I’ve only noticed that we ask for 1e-11 relative error in the worst case.
Since working double precision is 1e-16 I was absolutely sure that all will be fine.
The acos() trick was noticed only in the middle of the contest.

Actually I did some additional investigation. So you could expect some evilest problem ever on precision from me in the near future :wink:


Thanks a lot! Turns out I was very lucky with my AC submission. In fact, my AC submission has more rounding errors, but they pull in opposite directions :slight_smile:

Ahhh! 125 submissions and no AC (Failed after passing 7 test files). Yet to know my mistake. Could you help me @anton_lunyov .

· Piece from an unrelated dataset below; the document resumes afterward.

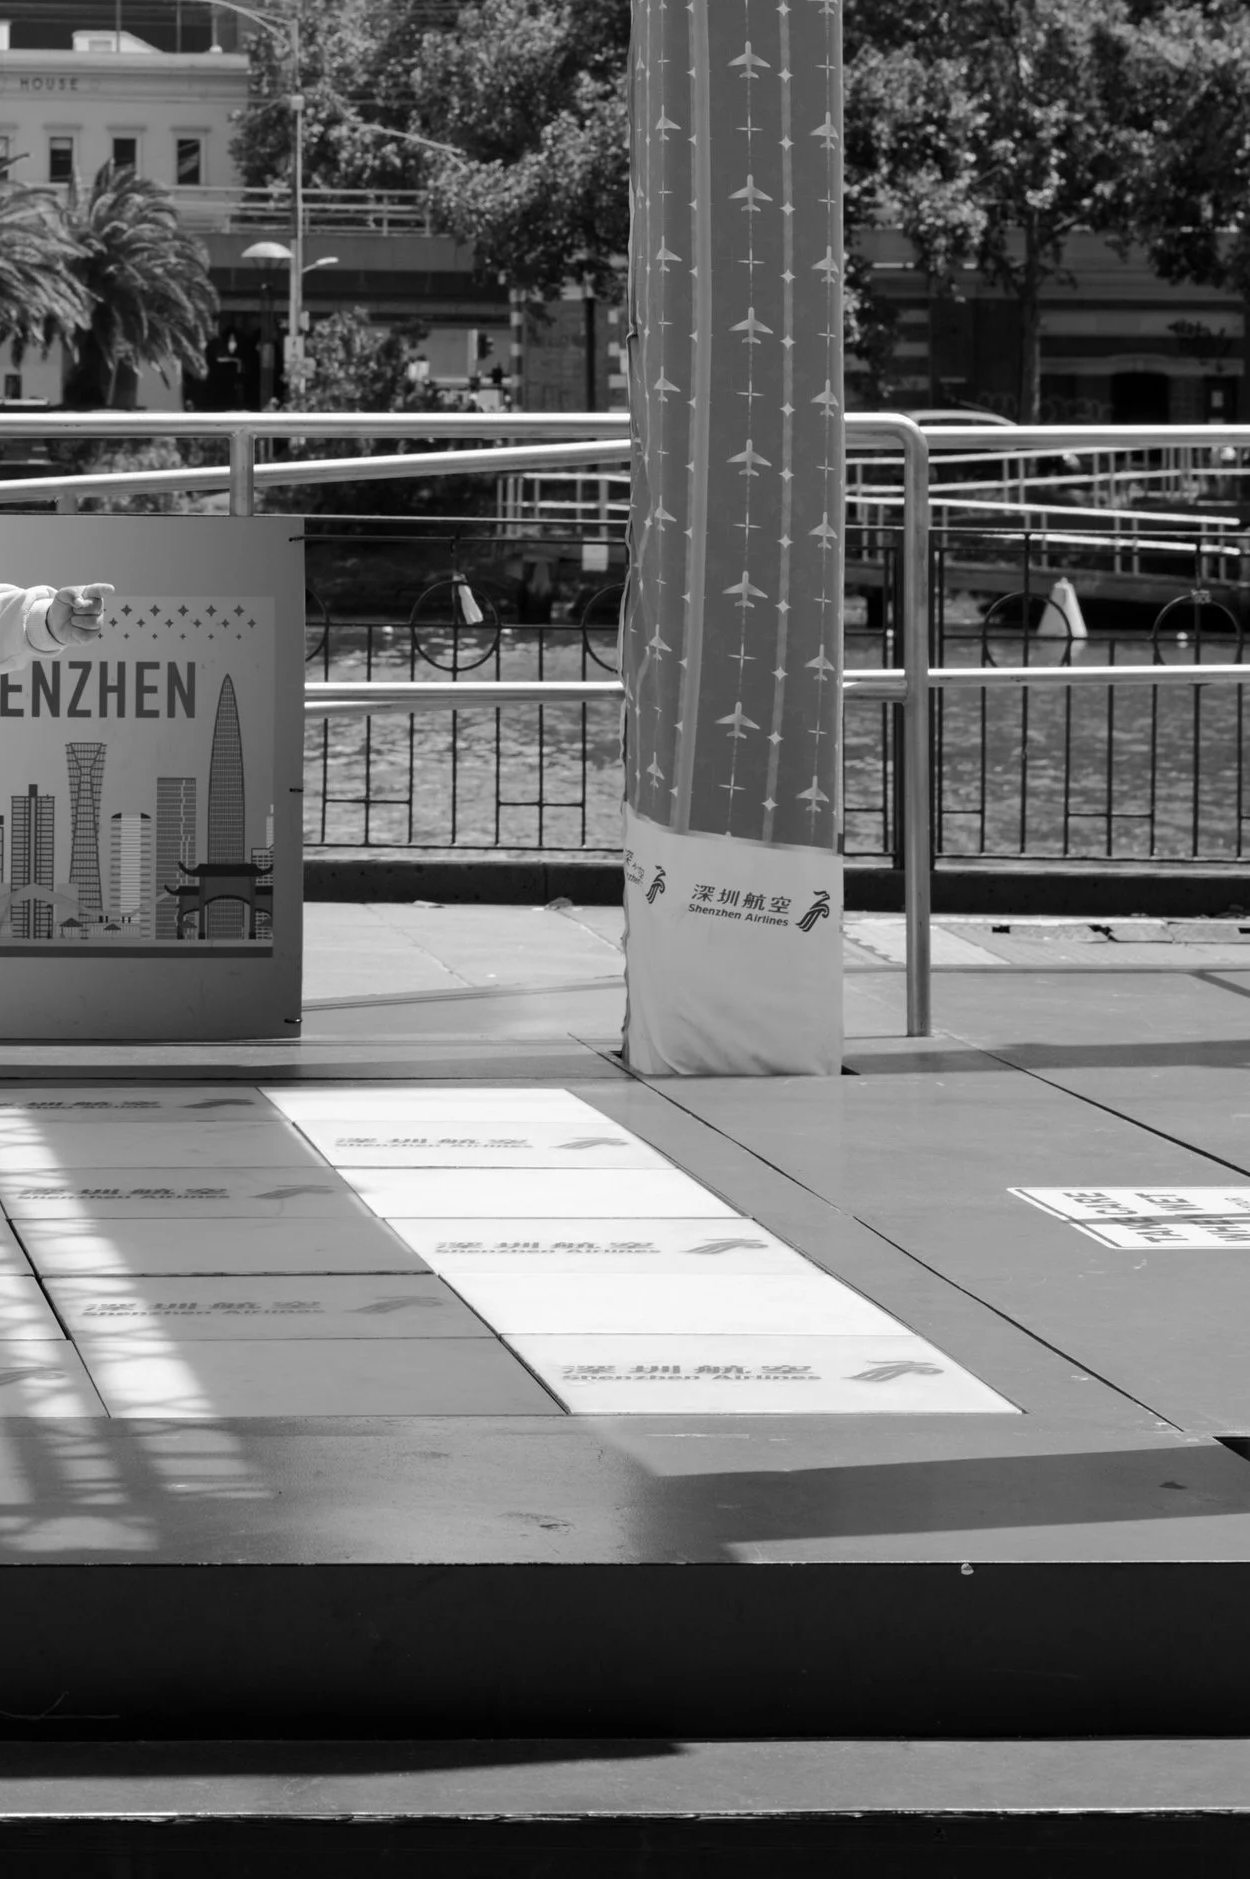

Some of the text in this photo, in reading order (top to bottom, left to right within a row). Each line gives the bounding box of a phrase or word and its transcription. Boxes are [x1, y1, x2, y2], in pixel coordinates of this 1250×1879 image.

[19, 76, 80, 92] HOUSE
[691, 883, 792, 915] 深圳航空
[688, 903, 789, 927] Shenzhen Airlines
[562, 1365, 815, 1374] 深圳航空
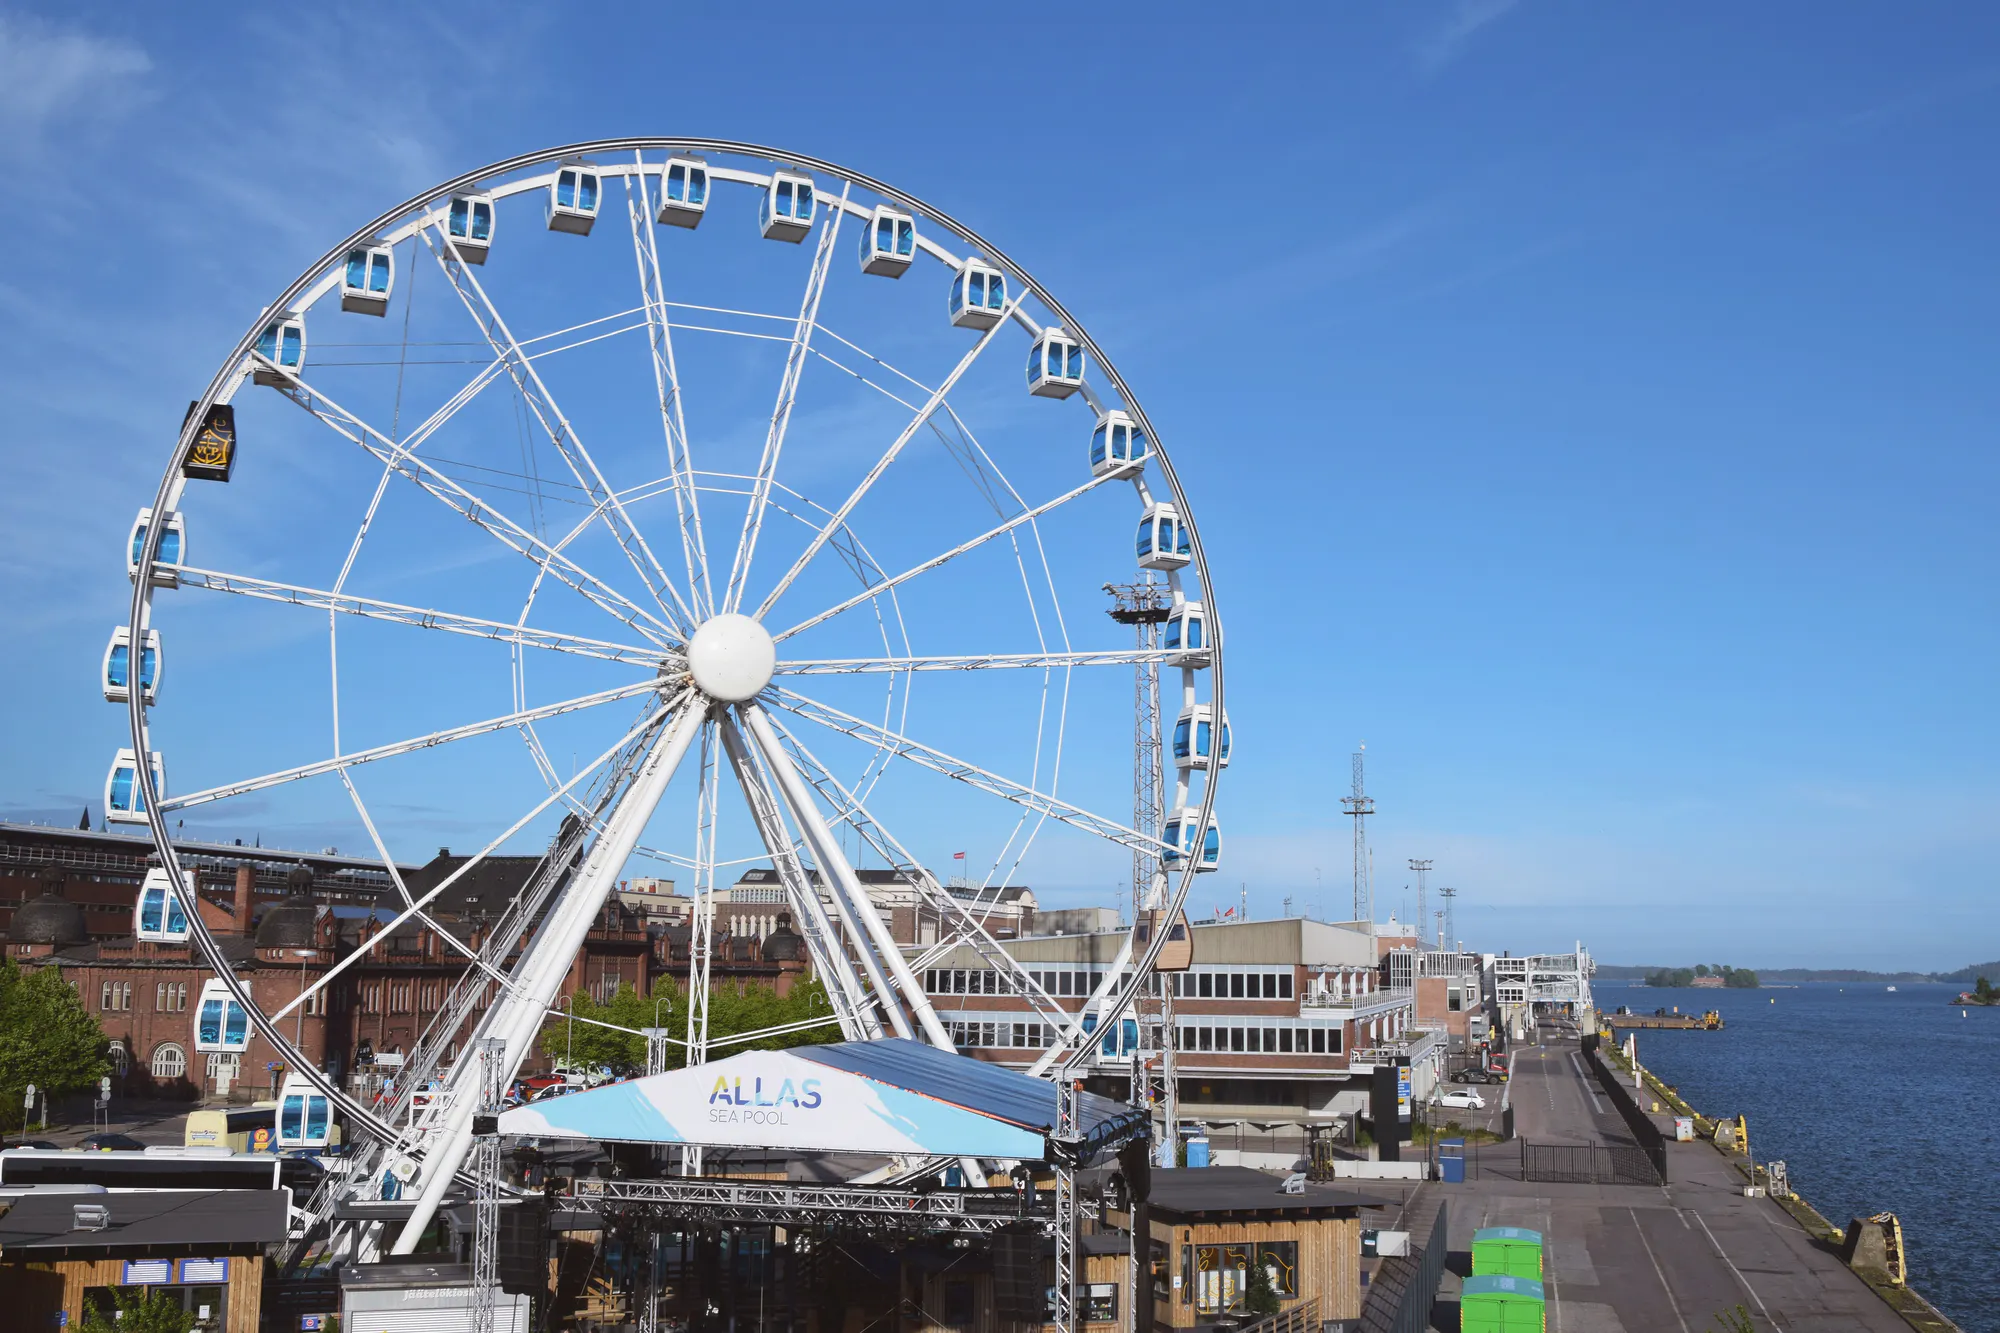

P.S:Code Ok with Test case given above.


Turns out using (22.0/7.0) gives a different pie value than acos(-1) , causing the precision problem for my solution. Shouldnt 22.0/7.0 be more accurate ?

I’m still not clear on why either of the provided solutions are correct.

You have shown in the editorial that if the intersection between two circles is actually 0, then using doubles for comparisons can result in a WA because tiny errors in doubles can cause a tiny error in the size of the intersection, but enough to cause a WA.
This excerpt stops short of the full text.